»Il ordonna d’atteler. Césarine croit qu’il avait réellement la pensée d’aller chercher Béatrice.
»Madame la marquise de Sainte-Croix se fit annoncer au moment où il partait. Elle passa toute cette soirée avec lui. M. Baptiste rentra. Mademoiselle Jenny fut gagée pour servir de femme de chambre à la nouvelle comtesse. Le mariage était décidé. Depuis lors, Césarine elle-même a été tenue à distance. Le comte est comme un étranger dans son hôtel, où il ne fait que de rares apparitions. Césarine croit savoir que le maréchal lui avait signifié dans une lettre fort dure qu’il n’était plus son héritier. Ceci l’a touché médiocrement: c’est, il est vrai, une immense fortune de perdue, mais il lui reste son propre patrimoine, qui est une immense fortune aussi.
»Mais qu’y a-t-il donc entre Marguerite et le maréchal, pour que cet homme, si sévère et si fort ennemi des mésalliances, punisse ainsi son neveu,—presque son fils,—précisément par cette raison qu’il n’a pas voulu se mésallier?

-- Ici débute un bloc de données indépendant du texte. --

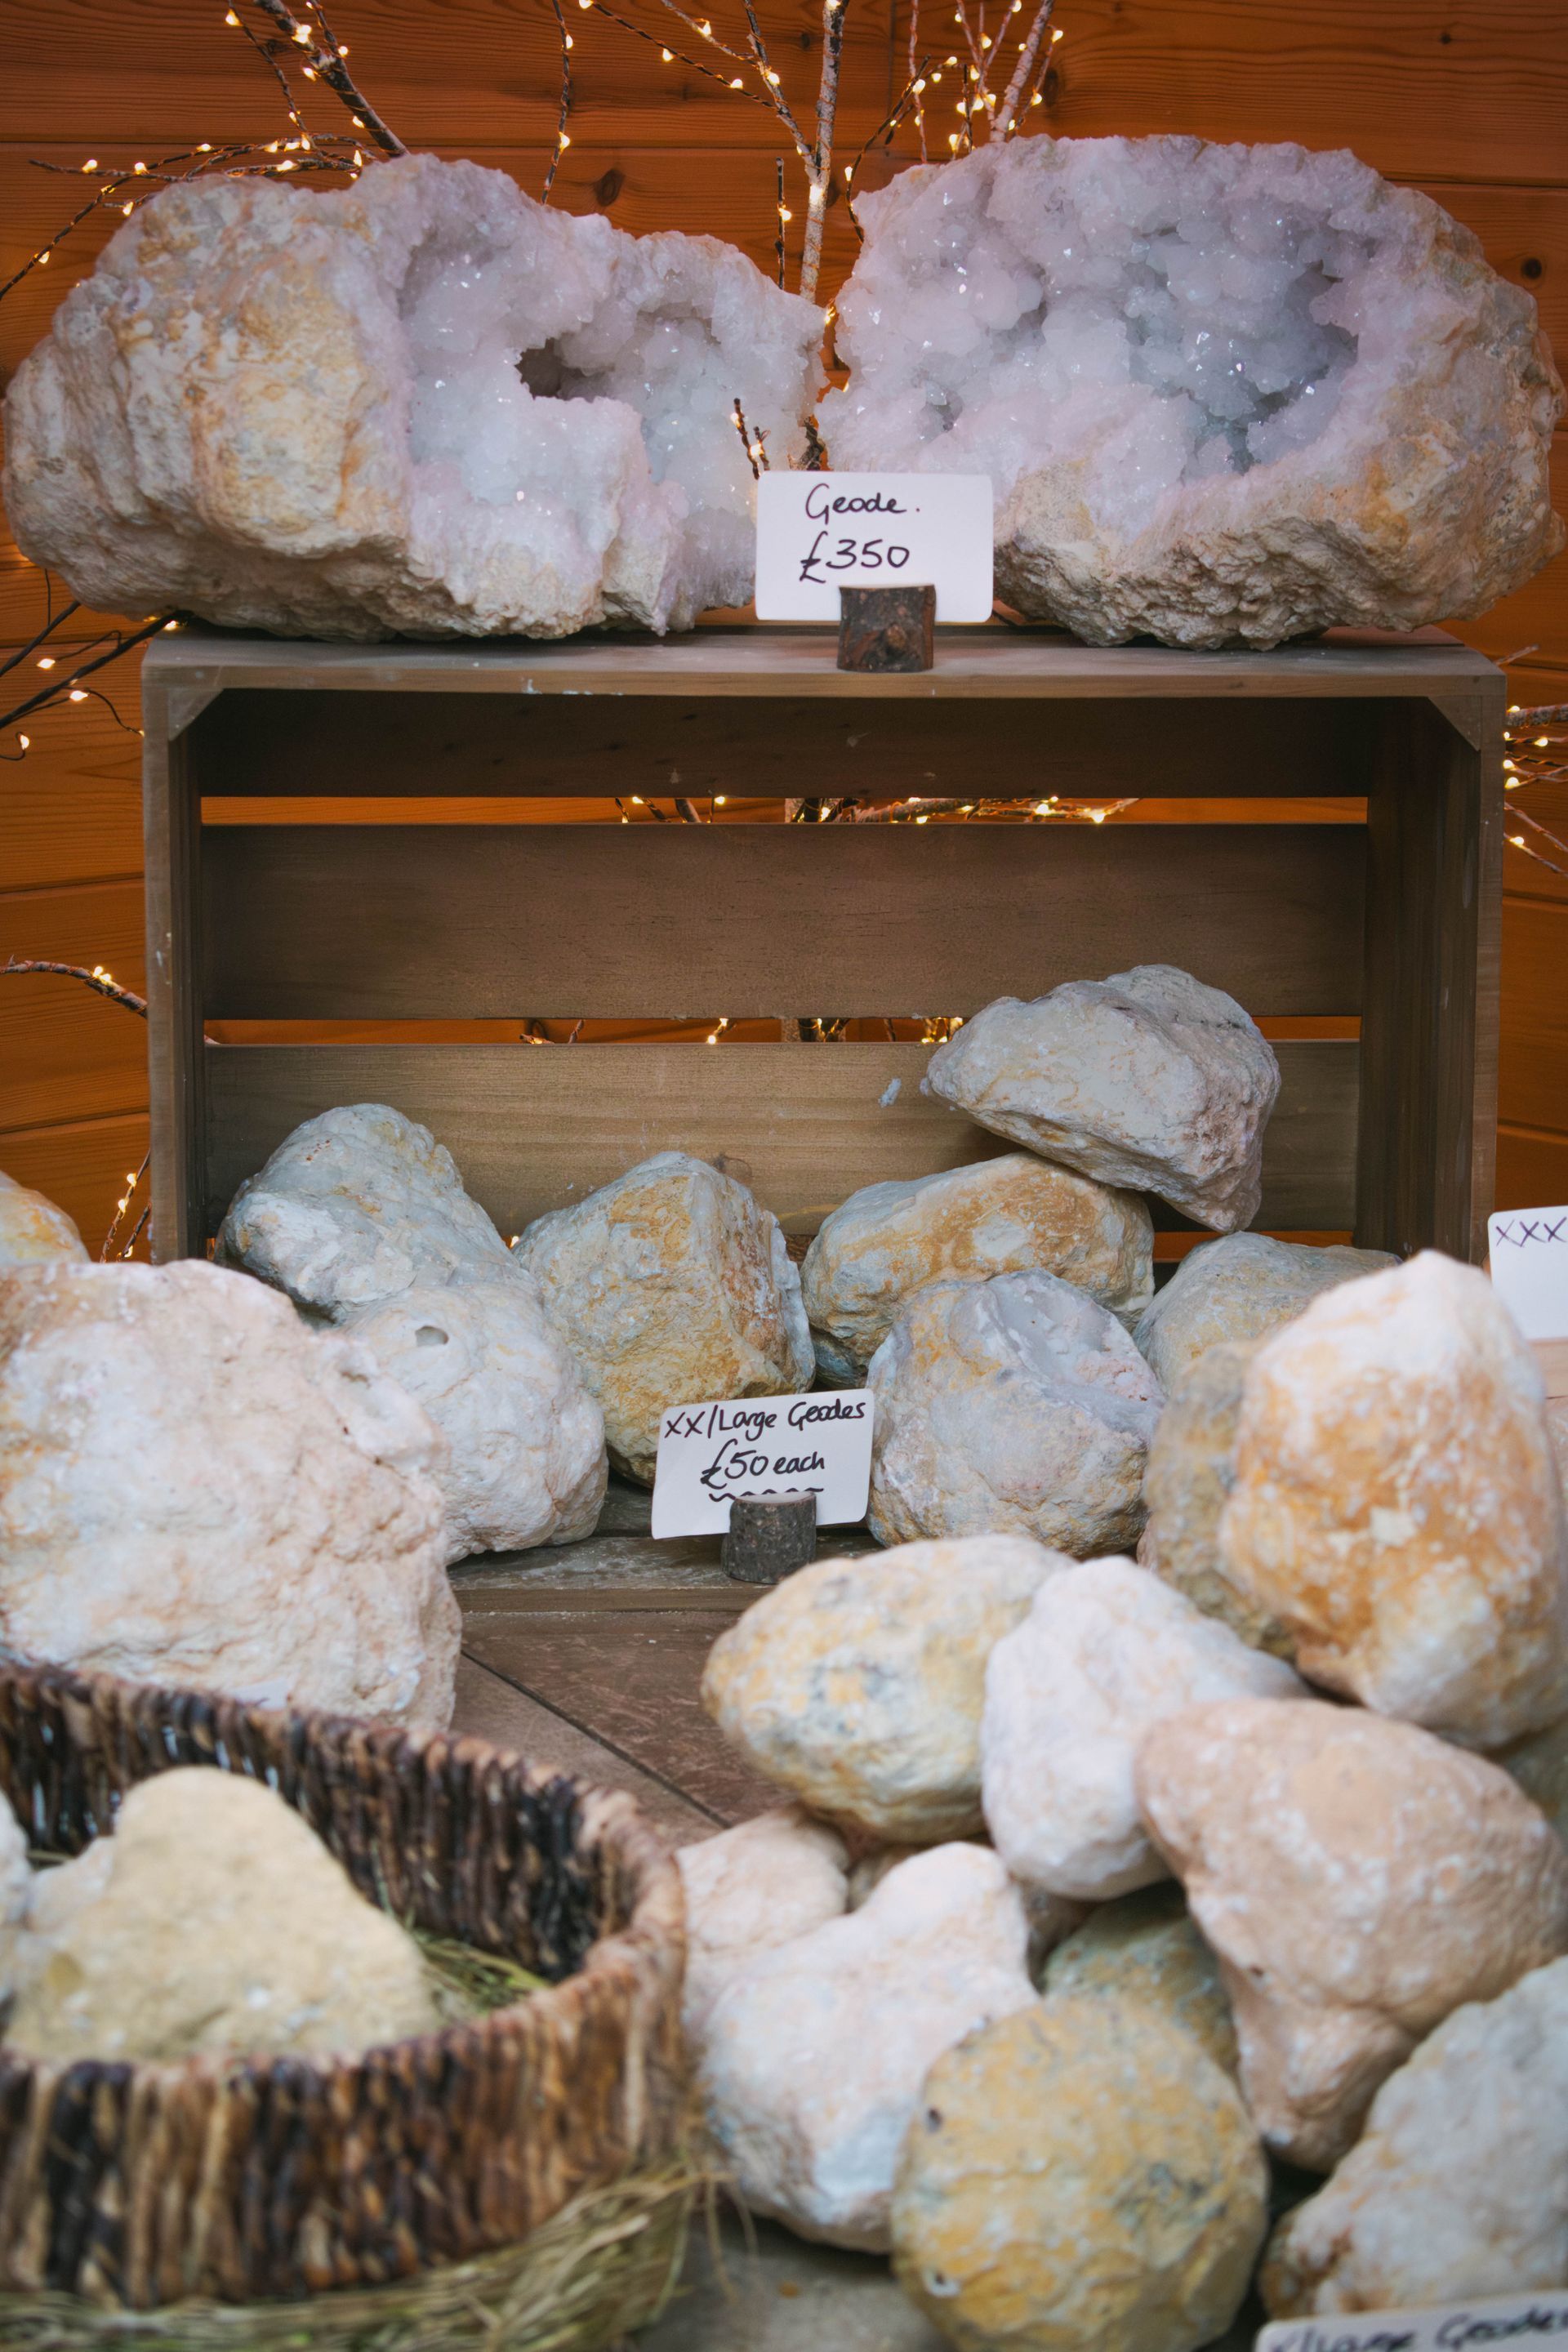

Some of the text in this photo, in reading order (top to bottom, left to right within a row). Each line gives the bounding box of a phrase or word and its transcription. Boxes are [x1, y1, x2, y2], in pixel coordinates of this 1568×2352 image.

[799, 530, 910, 584] £350
[664, 1398, 866, 1441] XX/Large Geodes
[700, 1438, 825, 1490] £50 each

»Le comte à l’air très-triste. Il a parlé vaguement de s’expatrier. C’est une idée qui germe en lui. Si l’intérêt de la Sainte-Croix s’y trouve conforme, il l’exécutera.
»Lors des rares séjours que le comte Achille fait à son hôtel, il y a de nombreuses allées et venues d’hommes d’affaires. Maître Souëf, l’un des principaux notaires du quartier, vient jusqu’à trois et quatre fois par jour à la maison. Quand ce n’est pas lui, c’est l’un de ses clercs.
»Voilà ce que je sais par Césarine; mais passons à Fromenteau.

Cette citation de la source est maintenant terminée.